Of course I start crying in the principals office...boo hooo....we talked about plans to make it as easy as possible on the kids for the next few months give or take.


Today just more and more work..the kids rode the bus for the first time. They loved it! It will be much easier on me not having to worry about driving them to and from everyday.

Skip to about 7 pm when I decided to take the kids to Peter Piper Pizza...So many people there. I noticed this huge party of like 3 large long tables..I thought to myself wow that is going to be a big bill..then all of a sudden a huge eruption of applause and screaming. Me and gwen looked up and this little boy could not have been more than 10 (Rileys age) was walking in and he was obviously surprised. He began weeping and many of the adults at the table began weeping as well...so of course me and Gwen started crying...I did not ask what the situation was because I could not muster up any courage..but I saw people wearing silver ribbons and the little boy had no hair and then there were others at the table kids ..some girls that had no hair and I knew. I started to cry even more. This little boy had obviously been through a lot and there were all of his friends and family that were there by his side.

I dont know any details...but all I could think was if this little boy could do it and still put on a smile..that I am going to have no problem...I wanted to go up and hug him...but I was paralyzed by my own fears.

So little boy in the Peter Piper Pizza..Thank you!

3 comments:

  1. OHMYGOODNESS!!! I cried reading this. What an emotional moment. You will get through this Victoria, you are a very strong woman with very high spirits and it's hard to break a such a beautiful spirit like yours. You will NOT give up this fight. You have so many people backing you up 110%. Pick a day you need me to bring Mexican food over for your fam. Girl your kids will not want your food anymore! LOL. Just kidding. Trying to make light of all of this. I cannot wait to take photos of you and your REAL tata's and write a blog post about you on my own blog. Love you girlie!!! We are all here for you in anyway that you need us to be!!! Here is to the TATA's!!!!!!!!

    ReplyDelete
  2. Victoria, this made me cry too. These poor little kids that get cancer are a true inspiration to all of us, and I firmly believe you saw this for a reason.

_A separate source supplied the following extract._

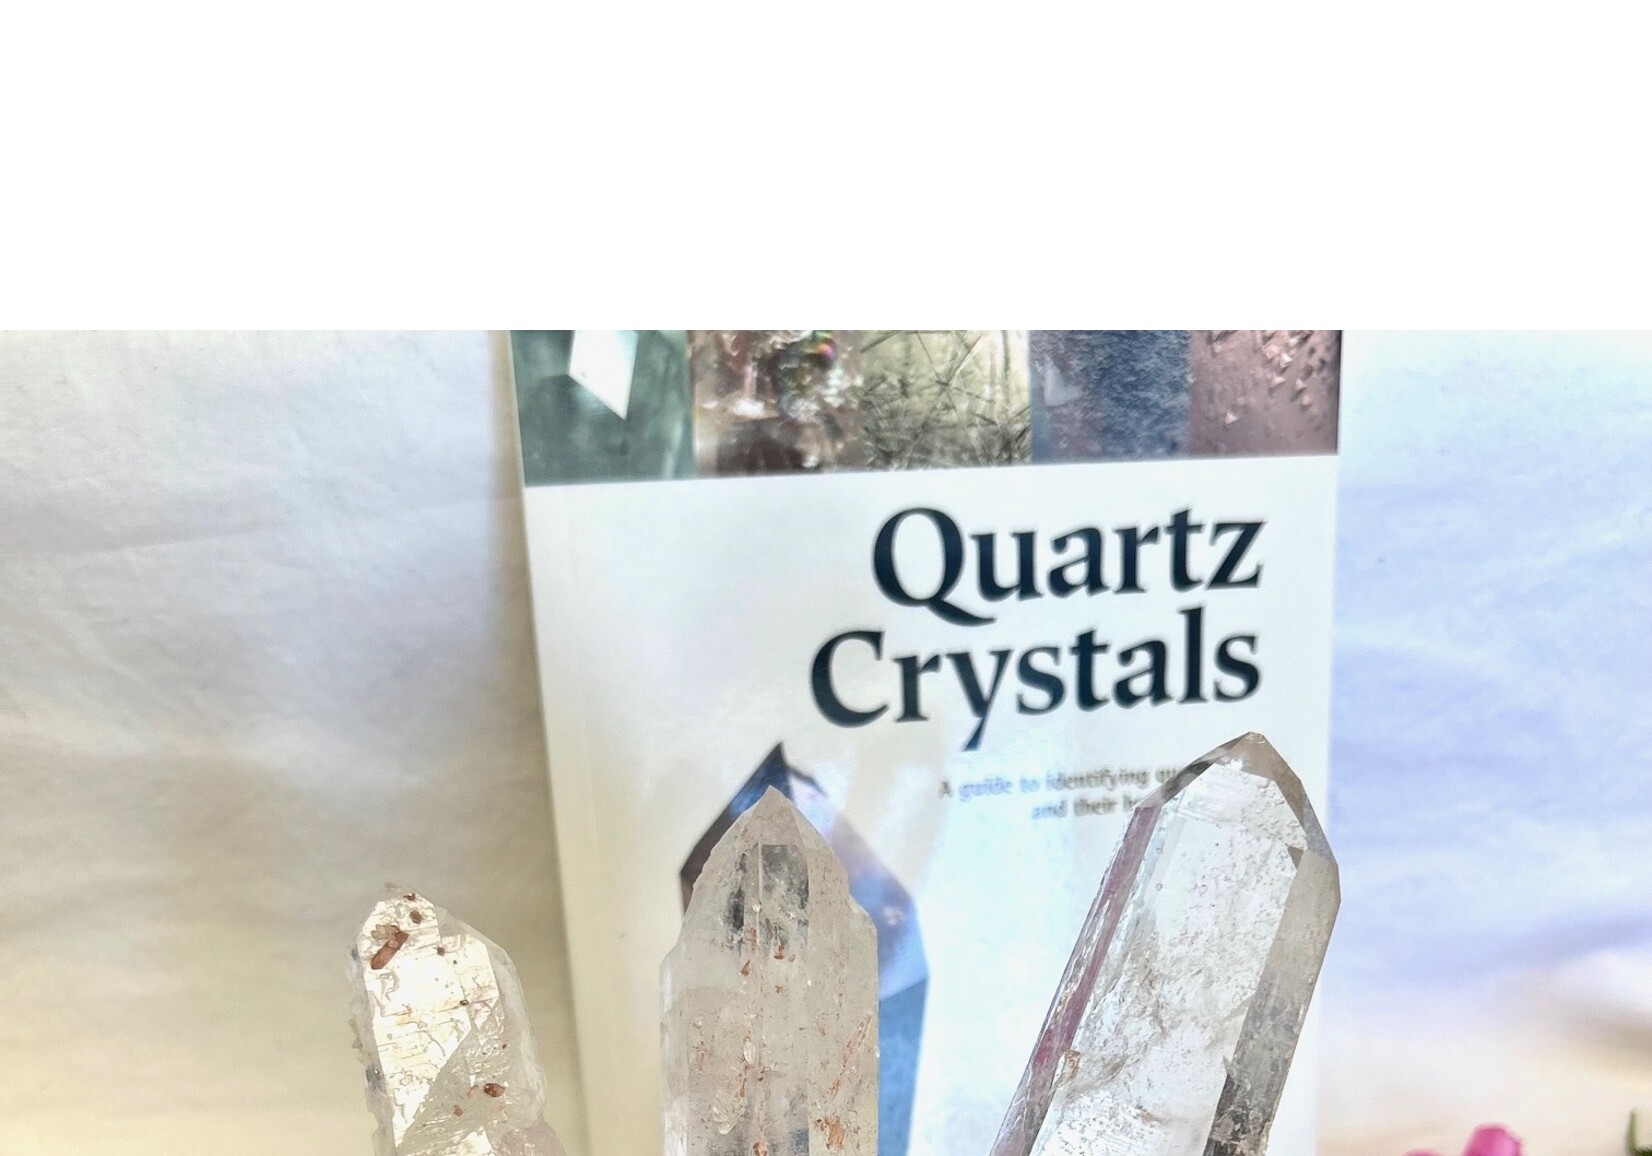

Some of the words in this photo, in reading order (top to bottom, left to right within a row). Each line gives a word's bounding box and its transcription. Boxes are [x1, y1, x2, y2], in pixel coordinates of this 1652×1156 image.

    I cannot imagine the anxiety you must feel, and it must be so hard to be worrying about getting your kids through this. You WILL beat this and I will be sure to keep you in my daily prayers. I think it is so great and HEALTHY for you to keep this blog and document the details of what you are going through. Much love and support coming your way. MUAH! Love you....Jen

    ReplyDelete
  3. We love Mexican food.Anytime. My friends really enjoyed my latina chickies! Must hang out again soo.


    Thanks Jen ..It is the only therapy that I can afford right now : ). I enjoy sharing with everyone.